It seems like ages ago since we saw the start of quarantine. You probably don't recall the brush fires in Australia, the assassination of Qasem Soleimani, Prince Harry stepping down from his royal duties, an impeachment process, Kobe Bryant's death, the U.K withdrawing from the E.U., a technological disaster at the Iowa Caucus, the Boyscouts filling for bankruptcy, or Tiger King.
Okay, you probably remember Tiger King. But most everything took second fiddle to the arrival of Covid-19. A litany of tragedies followed: the Summer Olympics were cancelled, sports were cancelled, and suspiciously... the Pentagon released UFO footage.
If you don't know about that one, check it out here: UFO'S
In fact, there has been so much happening in 2020 it might be you have never asked the question, "Why?"
Well, Mr. Danderfill (or something like that) taught me in high school physics three things:
-1. Waffle House eggs get cold quicker than Waffle House coffee.

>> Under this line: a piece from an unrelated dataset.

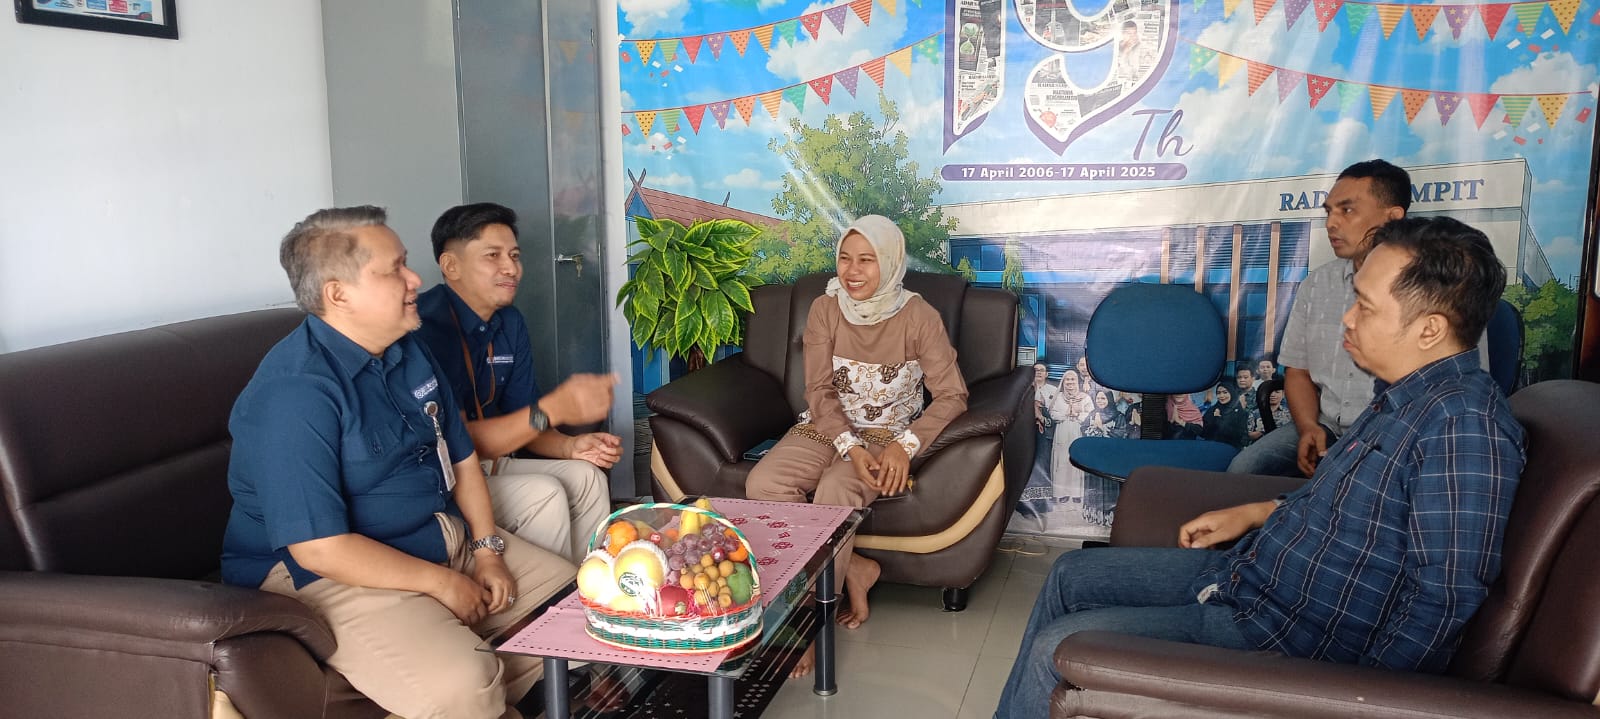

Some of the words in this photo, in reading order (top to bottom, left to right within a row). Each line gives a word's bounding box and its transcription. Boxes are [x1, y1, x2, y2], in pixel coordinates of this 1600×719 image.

-2. It is often unwise to go on a bender during spring break. You might come back married to a lady who doesn't speak your language.
-3. Every action has an equal and opposite reaction.
This blog is less about marrying strange women in foreign bars or Waffles and more about the fact that something must have really pissed the year 2020 off. But what?
If you have ever had kids, you know that when they are in the middle of a tantrum you sometimes forget what the issue even is. All you want to do is get out of Walmart with your sanity.
But then, later on that night as you watch your angels sleeping peacefully, you are reminded what the issue was that ignited the temper tantrum. I had such an aha moment today.
In December of 2019, the US government decided with very little notice that the smoking age would be raised from 18 to 21. There would be no grandfather clause, no gradation, no gradual introduction. January 1st, 2020 anyone under the age of 21, including perhaps little baby 2020, couldn't smoke.
Remember your childhood training? Father time leaves each year in exchange for an incoming "new year."
So maybe, just maybe, little baby 2020 is just pissed he isn't 21? Now before you dismiss me with stupid comments like, "2020 isn't a real person," just remember... in our modern political climate people dress up like animals and have their owners take them to parks.
So, it is entirely possible that 2020 is a real person, that he is perpetually 20 years old, and he is saying, "All I wanted to do was cruise through my year smoking a stogie. And since you won't let me.... WAAAAAHHHHH!!!!!"
That, or 2020 is the result of those UFO's? I hear they have lasers that make you fall in love with women in foreign bars but also heat up your eggs.